▶ _Assignment_
What you return must match the entries exactly, except that the pictures are gone.

┌────────

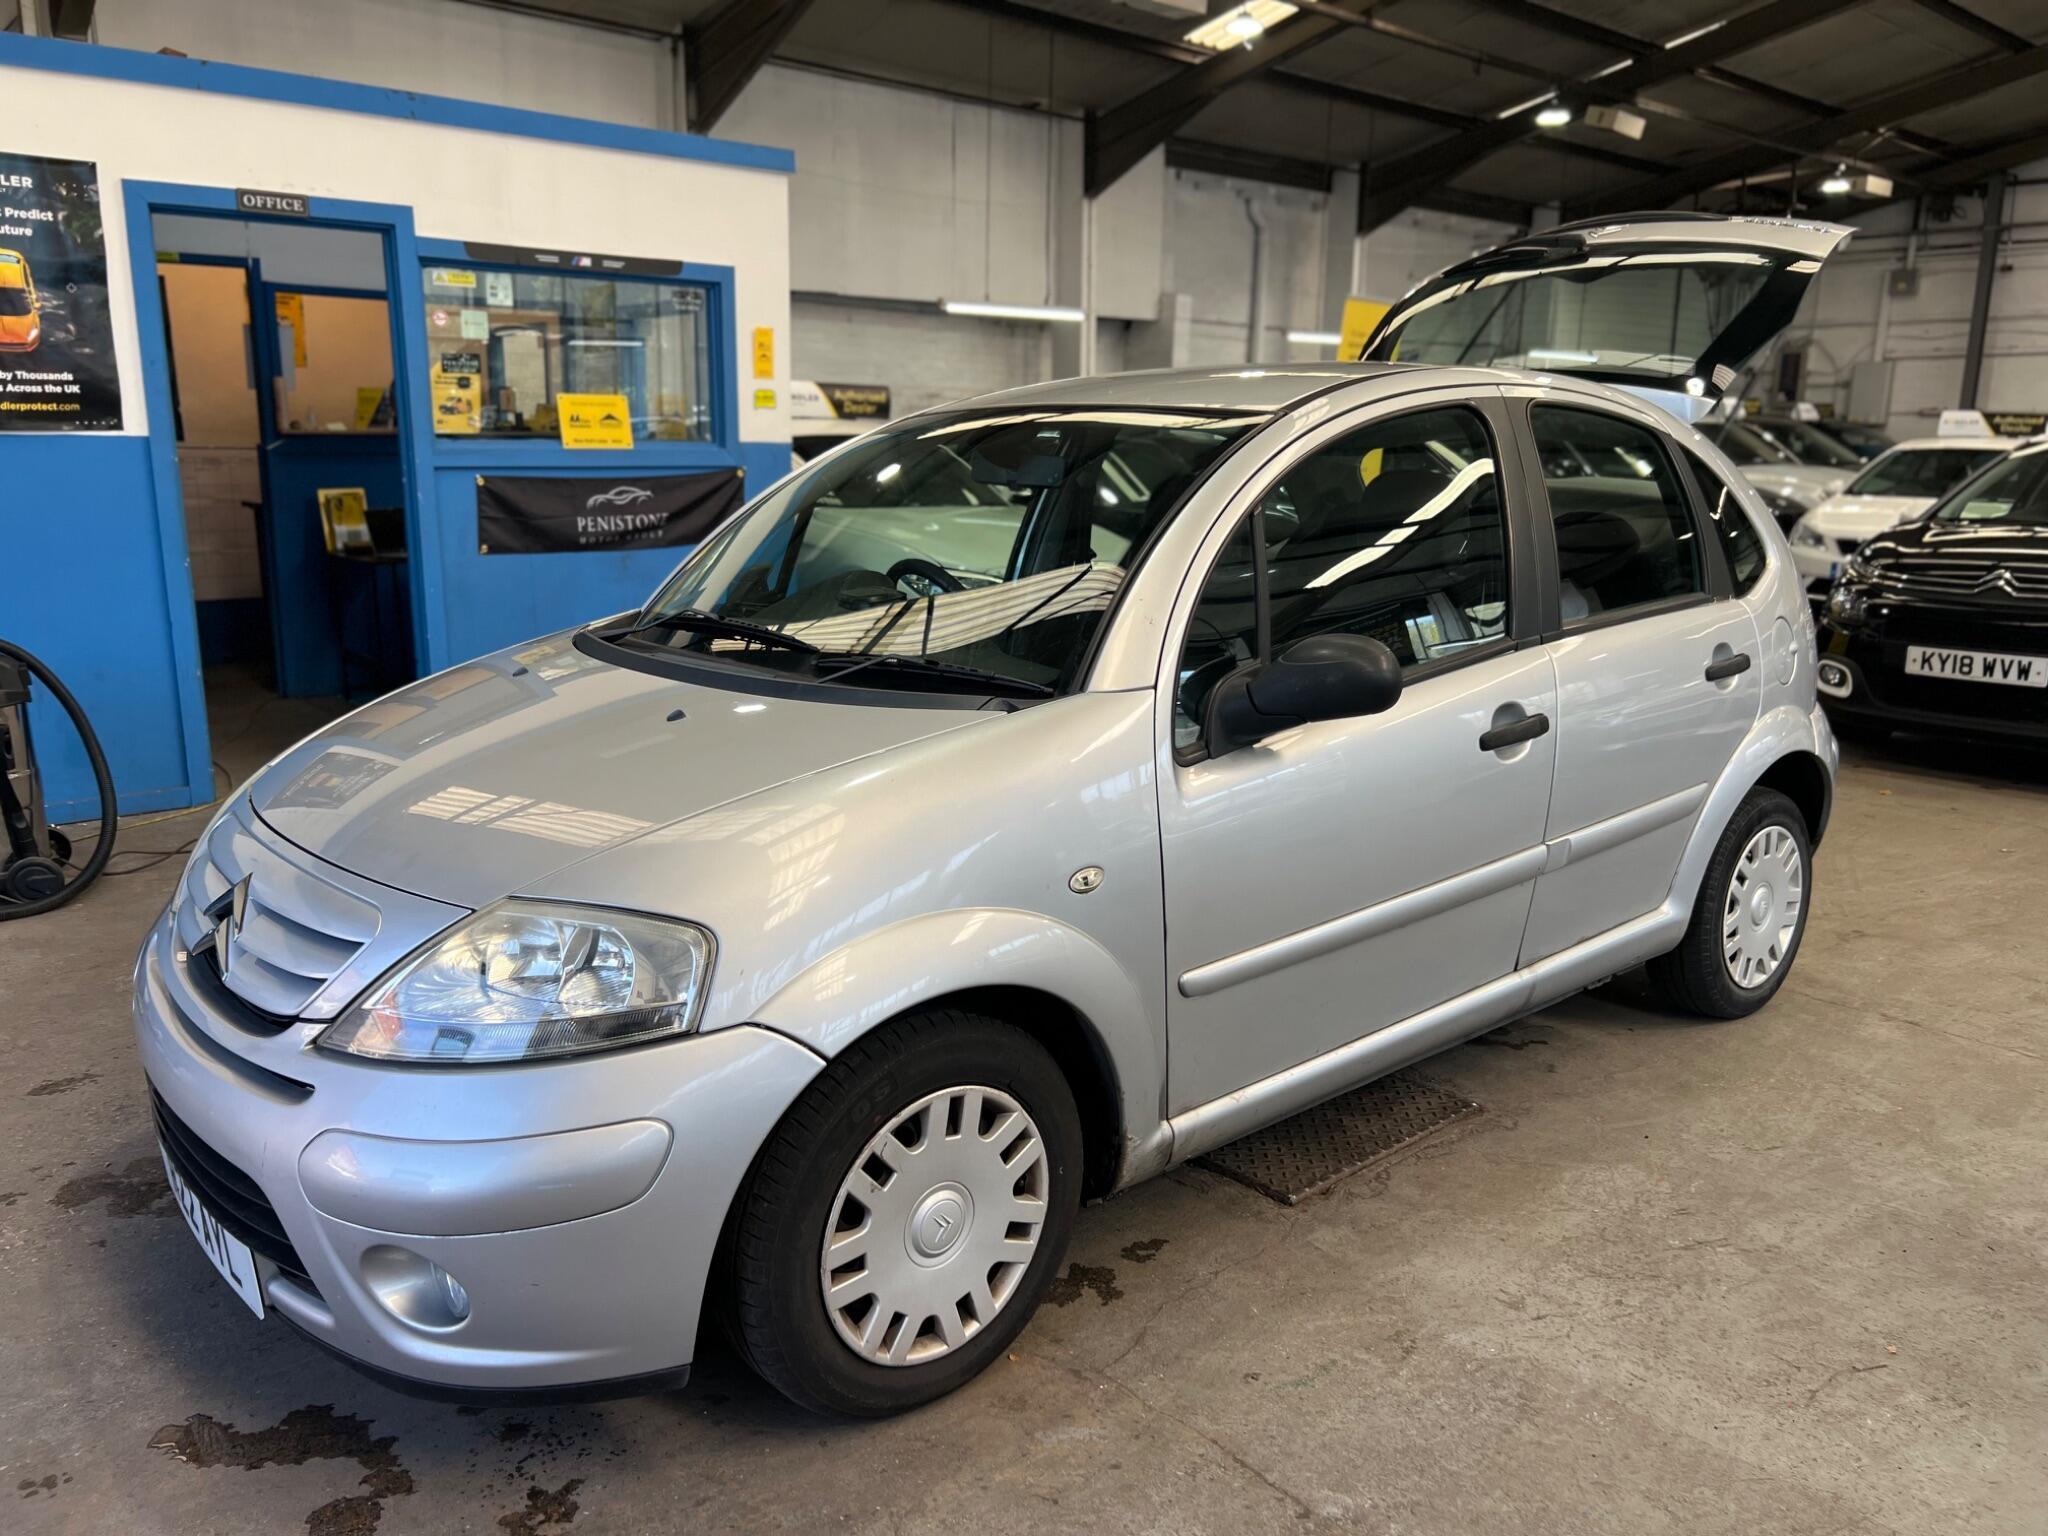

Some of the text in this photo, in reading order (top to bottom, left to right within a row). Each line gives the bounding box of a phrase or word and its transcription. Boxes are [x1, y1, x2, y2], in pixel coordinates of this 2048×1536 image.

[243, 194, 304, 211] OFFICE
[4, 207, 54, 221] Predict
[14, 371, 74, 381] Thousands
[6, 384, 43, 393] Across
[44, 384, 62, 393] the
[64, 385, 81, 394] UK
[0, 402, 81, 412] dlerprotect.com
[1921, 650, 2032, 681] KY18 WVW
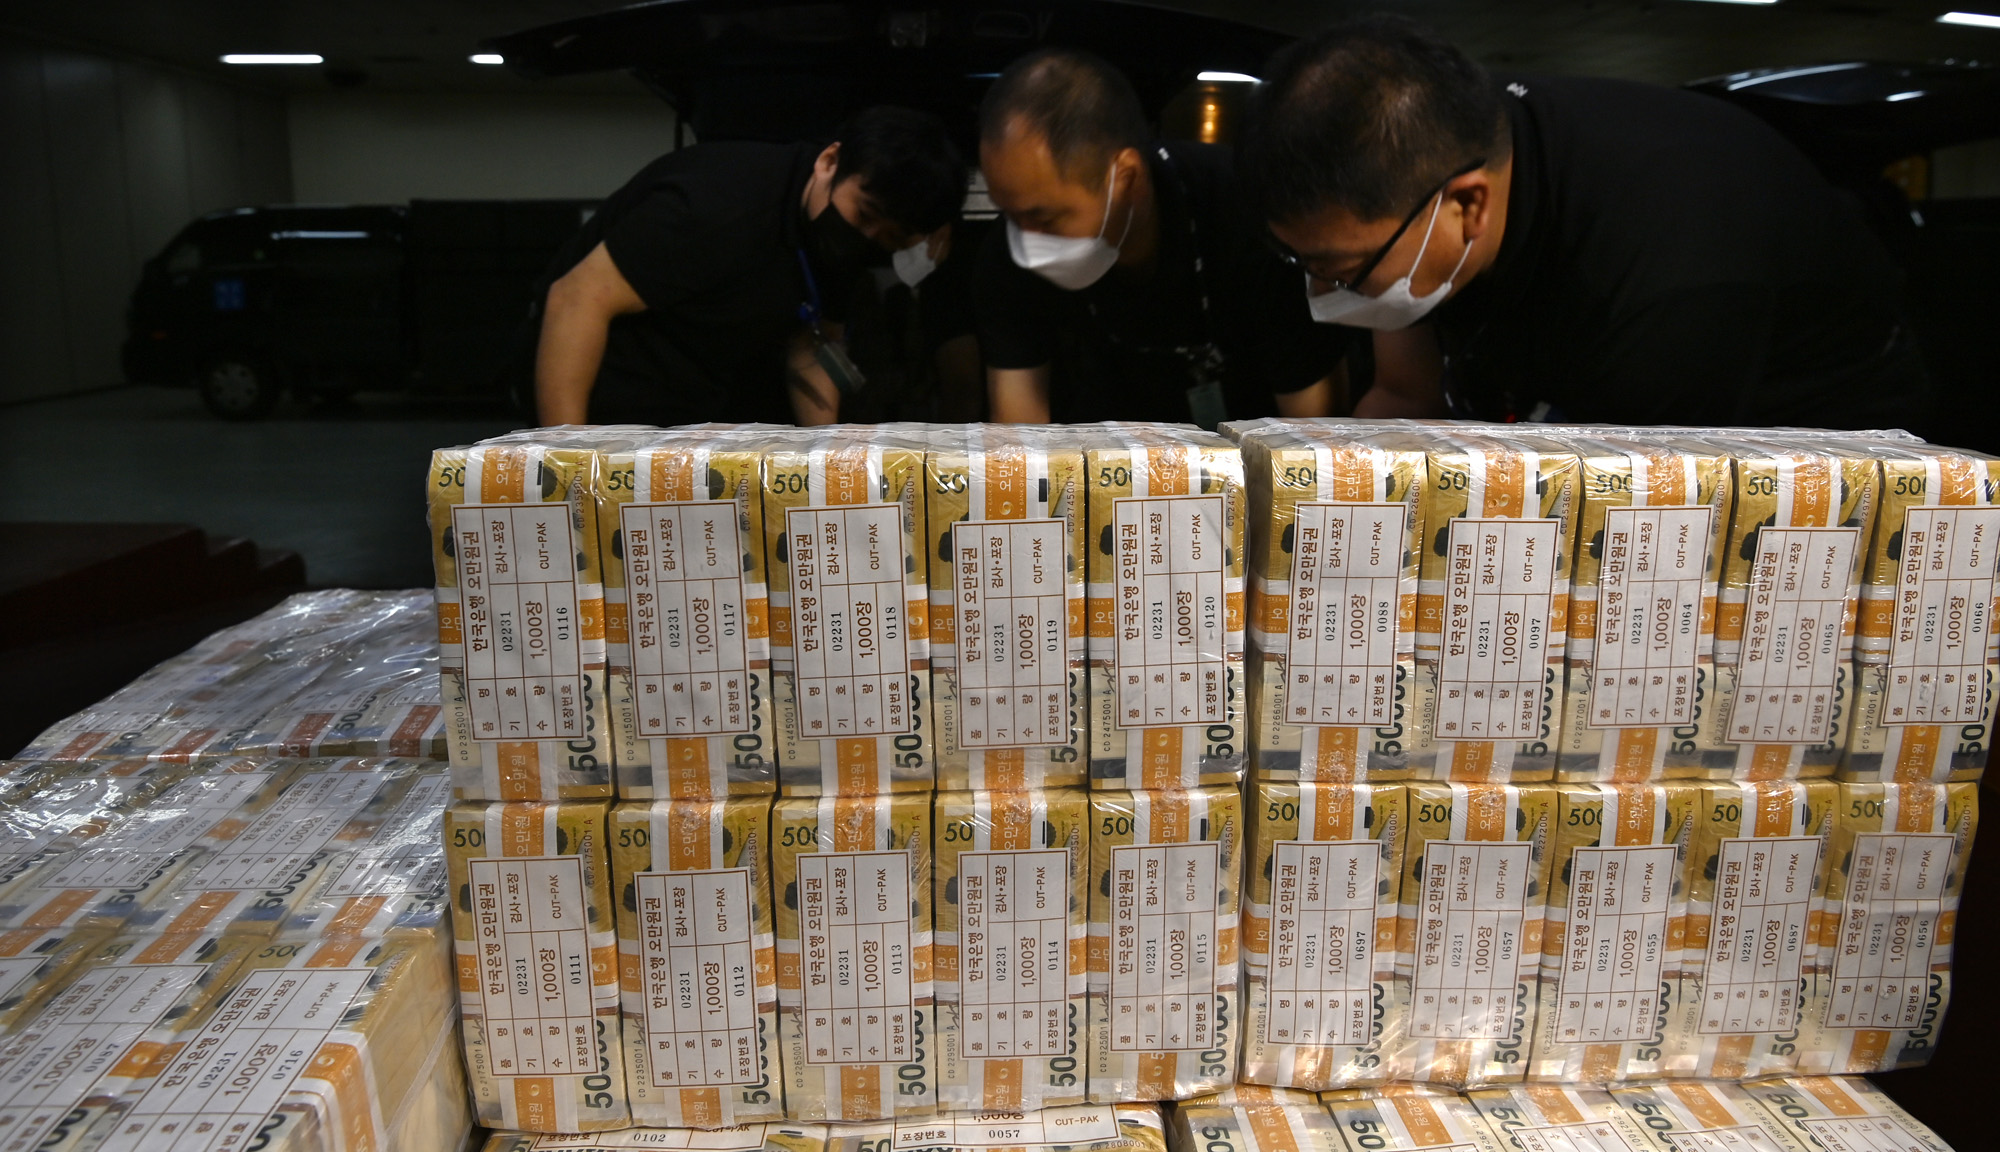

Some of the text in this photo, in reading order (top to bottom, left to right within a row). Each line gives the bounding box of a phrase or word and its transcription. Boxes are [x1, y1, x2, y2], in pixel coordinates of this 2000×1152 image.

[536, 522, 549, 569] CUT-PAK
[704, 520, 716, 566] CUT-PAK
[868, 524, 879, 570] CUT-PAK
[1192, 514, 1200, 560] CUT-PAK
[1370, 522, 1382, 565] CUT-PAK
[1676, 524, 1688, 568] CUT-PAK
[1970, 524, 1983, 567] CUT-PAK
[1033, 538, 1042, 584] CUT-PAK
[1523, 538, 1535, 582] CUT-PAK
[1822, 546, 1836, 589] CUT-PAK
[462, 532, 488, 652] 한국은행 오만원권
[630, 530, 655, 648] 한국은행 오만원권
[796, 534, 818, 652] 한국은행 오만원권
[1122, 524, 1139, 640] 한국은행 오만원권
[1297, 528, 1318, 640] 한국은행 오만원권
[1450, 544, 1472, 656] 한국은행 오만원권
[1605, 533, 1628, 644] 한국은행 오만원권
[1900, 532, 1924, 642] 한국은행 오만원권
[556, 608, 568, 640] 0116
[692, 598, 713, 654] 1,000장
[724, 604, 734, 636] 0117
[886, 607, 896, 638] 0118
[962, 548, 980, 662] 한국은행 오만원권
[1152, 601, 1162, 639] 02231
[1176, 590, 1194, 646] 1,000장
[1205, 597, 1214, 628] 0120
[1325, 604, 1336, 641] 02231
[1350, 594, 1366, 649] 1,000장
[1377, 602, 1388, 632] 0088
[1631, 607, 1643, 644] 02231
[1654, 598, 1671, 651] 1,000장
[1681, 604, 1692, 634] 0064
[1749, 553, 1778, 662] 한국은행 오만원권
[1924, 606, 1937, 642] 02231
[1947, 596, 1964, 649] 1,000장
[1972, 603, 1984, 632] 0066
[500, 612, 513, 651] 02231
[526, 601, 547, 658] 1,000장
[668, 608, 680, 647] 02231
[831, 612, 842, 651] 02231
[856, 602, 875, 658] 1,000장
[994, 624, 1004, 662] 02231
[1018, 614, 1036, 669] 1,000장
[1047, 620, 1057, 651] 0119
[1478, 620, 1490, 657] 02231
[1502, 611, 1519, 665] 1,000장
[1529, 619, 1540, 648] 0097
[1774, 627, 1788, 662] 02231
[1796, 617, 1814, 670] 1,000장
[1822, 624, 1834, 654] 0065
[1272, 694, 1282, 731] 2266001
[877, 869, 886, 911] CUT-PAK
[1036, 867, 1045, 908] CUT-PAK
[1186, 860, 1195, 901] CUT-PAK
[1347, 858, 1357, 898] CUT-PAK
[1496, 860, 1508, 899] CUT-PAK
[1642, 863, 1654, 902] CUT-PAK
[1786, 854, 1798, 893] CUT-PAK
[1917, 850, 1932, 889] CUT-PAK
[549, 875, 561, 918] CUT-PAK
[716, 888, 727, 932] CUT-PAK
[1279, 865, 1296, 968] 한국은행 오만원권
[1425, 864, 1446, 966] 한국은행 오만원권
[1716, 862, 1741, 962] 한국은행 오만원권
[1845, 856, 1874, 955] 한국은행 오만원권
[478, 884, 504, 995] 한국은행 오만원권
[806, 878, 825, 986] 한국은행 오만원권
[967, 876, 983, 982] 한국은행 오만원권
[1119, 870, 1134, 974] 한국은행 오만원권
[1572, 870, 1594, 972] 한국은행 오만원권
[1787, 924, 1798, 951] 0687
[1868, 924, 1883, 955] 02231
[1890, 914, 1910, 962] 1,000장
[1916, 920, 1928, 948] 0656
[645, 898, 667, 1009] 한국은행 오만원권
[892, 945, 902, 974] 0113
[996, 946, 1006, 981] 02231
[1020, 937, 1037, 987] 1,000장
[1048, 942, 1058, 970] 0114
[1146, 939, 1156, 973] 02231
[1170, 929, 1186, 979] 1,000장
[1196, 934, 1207, 963] 0115
[1305, 934, 1316, 968] 02231
[1328, 925, 1344, 975] 1,000장
[1355, 932, 1365, 960] 0697
[1452, 934, 1463, 967] 02231
[1475, 926, 1492, 974] 1,000장
[1502, 932, 1512, 959] 0657
[1597, 938, 1610, 971] 02231
[1620, 930, 1637, 977] 1,000장
[1645, 934, 1657, 961] 0655
[1741, 929, 1754, 962] 02231
[1762, 920, 1780, 967] 1,000장
[516, 958, 528, 994] 02231
[539, 948, 560, 1001] 1,000장
[569, 954, 581, 984] 0111
[733, 966, 744, 996] 0112
[838, 950, 849, 985] 02231
[863, 940, 881, 992] 1,000장
[304, 982, 339, 1019] CUT-PAK
[680, 972, 691, 1008] 02231
[704, 962, 724, 1015] 1,000장
[162, 987, 263, 1088] 한국은행 오만원권
[197, 1051, 238, 1088] 02231
[224, 1043, 278, 1096] 1,000장
[271, 1050, 303, 1080] 0716
[633, 1133, 666, 1143] 0102
[902, 1129, 1020, 1142] 포장번호 0057
[1055, 1115, 1099, 1126] CUT-PAK

└────────

▶ _Response to the task_
Some of the text in this photo, in reading order (top to bottom, left to right within a row). Each line gives the bounding box of a phrase or word and its transcription. Boxes are [x1, y1, x2, y2], in pixel coordinates of this 2048×1536 image.

[243, 194, 304, 211] OFFICE
[4, 207, 54, 221] Predict
[14, 371, 74, 381] Thousands
[6, 384, 43, 393] Across
[44, 384, 62, 393] the
[64, 385, 81, 394] UK
[0, 402, 81, 412] dlerprotect.com
[1921, 650, 2032, 681] KY18 WVW

Some of the text in this photo, in reading order (top to bottom, left to right within a row). Each line gives the bounding box of a phrase or word and its transcription. Boxes are [x1, y1, x2, y2], in pixel coordinates of this 2000×1152 image.

[536, 522, 549, 569] CUT-PAK
[704, 520, 716, 566] CUT-PAK
[868, 524, 879, 570] CUT-PAK
[1192, 514, 1200, 560] CUT-PAK
[1370, 522, 1382, 565] CUT-PAK
[1676, 524, 1688, 568] CUT-PAK
[1970, 524, 1983, 567] CUT-PAK
[1033, 538, 1042, 584] CUT-PAK
[1523, 538, 1535, 582] CUT-PAK
[1822, 546, 1836, 589] CUT-PAK
[462, 532, 488, 652] 한국은행 오만원권
[630, 530, 655, 648] 한국은행 오만원권
[796, 534, 818, 652] 한국은행 오만원권
[1122, 524, 1139, 640] 한국은행 오만원권
[1297, 528, 1318, 640] 한국은행 오만원권
[1450, 544, 1472, 656] 한국은행 오만원권
[1605, 533, 1628, 644] 한국은행 오만원권
[1900, 532, 1924, 642] 한국은행 오만원권
[556, 608, 568, 640] 0116
[692, 598, 713, 654] 1,000장
[724, 604, 734, 636] 0117
[886, 607, 896, 638] 0118
[962, 548, 980, 662] 한국은행 오만원권
[1152, 601, 1162, 639] 02231
[1176, 590, 1194, 646] 1,000장
[1205, 597, 1214, 628] 0120
[1325, 604, 1336, 641] 02231
[1350, 594, 1366, 649] 1,000장
[1377, 602, 1388, 632] 0088
[1631, 607, 1643, 644] 02231
[1654, 598, 1671, 651] 1,000장
[1681, 604, 1692, 634] 0064
[1749, 553, 1778, 662] 한국은행 오만원권
[1924, 606, 1937, 642] 02231
[1947, 596, 1964, 649] 1,000장
[1972, 603, 1984, 632] 0066
[500, 612, 513, 651] 02231
[526, 601, 547, 658] 1,000장
[668, 608, 680, 647] 02231
[831, 612, 842, 651] 02231
[856, 602, 875, 658] 1,000장
[994, 624, 1004, 662] 02231
[1018, 614, 1036, 669] 1,000장
[1047, 620, 1057, 651] 0119
[1478, 620, 1490, 657] 02231
[1502, 611, 1519, 665] 1,000장
[1529, 619, 1540, 648] 0097
[1774, 627, 1788, 662] 02231
[1796, 617, 1814, 670] 1,000장
[1822, 624, 1834, 654] 0065
[1272, 694, 1282, 731] 2266001
[877, 869, 886, 911] CUT-PAK
[1036, 867, 1045, 908] CUT-PAK
[1186, 860, 1195, 901] CUT-PAK
[1347, 858, 1357, 898] CUT-PAK
[1496, 860, 1508, 899] CUT-PAK
[1642, 863, 1654, 902] CUT-PAK
[1786, 854, 1798, 893] CUT-PAK
[1917, 850, 1932, 889] CUT-PAK
[549, 875, 561, 918] CUT-PAK
[716, 888, 727, 932] CUT-PAK
[1279, 865, 1296, 968] 한국은행 오만원권
[1425, 864, 1446, 966] 한국은행 오만원권
[1716, 862, 1741, 962] 한국은행 오만원권
[1845, 856, 1874, 955] 한국은행 오만원권
[478, 884, 504, 995] 한국은행 오만원권
[806, 878, 825, 986] 한국은행 오만원권
[967, 876, 983, 982] 한국은행 오만원권
[1119, 870, 1134, 974] 한국은행 오만원권
[1572, 870, 1594, 972] 한국은행 오만원권
[1787, 924, 1798, 951] 0687
[1868, 924, 1883, 955] 02231
[1890, 914, 1910, 962] 1,000장
[1916, 920, 1928, 948] 0656
[645, 898, 667, 1009] 한국은행 오만원권
[892, 945, 902, 974] 0113
[996, 946, 1006, 981] 02231
[1020, 937, 1037, 987] 1,000장
[1048, 942, 1058, 970] 0114
[1146, 939, 1156, 973] 02231
[1170, 929, 1186, 979] 1,000장
[1196, 934, 1207, 963] 0115
[1305, 934, 1316, 968] 02231
[1328, 925, 1344, 975] 1,000장
[1355, 932, 1365, 960] 0697
[1452, 934, 1463, 967] 02231
[1475, 926, 1492, 974] 1,000장
[1502, 932, 1512, 959] 0657
[1597, 938, 1610, 971] 02231
[1620, 930, 1637, 977] 1,000장
[1645, 934, 1657, 961] 0655
[1741, 929, 1754, 962] 02231
[1762, 920, 1780, 967] 1,000장
[516, 958, 528, 994] 02231
[539, 948, 560, 1001] 1,000장
[569, 954, 581, 984] 0111
[733, 966, 744, 996] 0112
[838, 950, 849, 985] 02231
[863, 940, 881, 992] 1,000장
[304, 982, 339, 1019] CUT-PAK
[680, 972, 691, 1008] 02231
[704, 962, 724, 1015] 1,000장
[162, 987, 263, 1088] 한국은행 오만원권
[197, 1051, 238, 1088] 02231
[224, 1043, 278, 1096] 1,000장
[271, 1050, 303, 1080] 0716
[633, 1133, 666, 1143] 0102
[902, 1129, 1020, 1142] 포장번호 0057
[1055, 1115, 1099, 1126] CUT-PAK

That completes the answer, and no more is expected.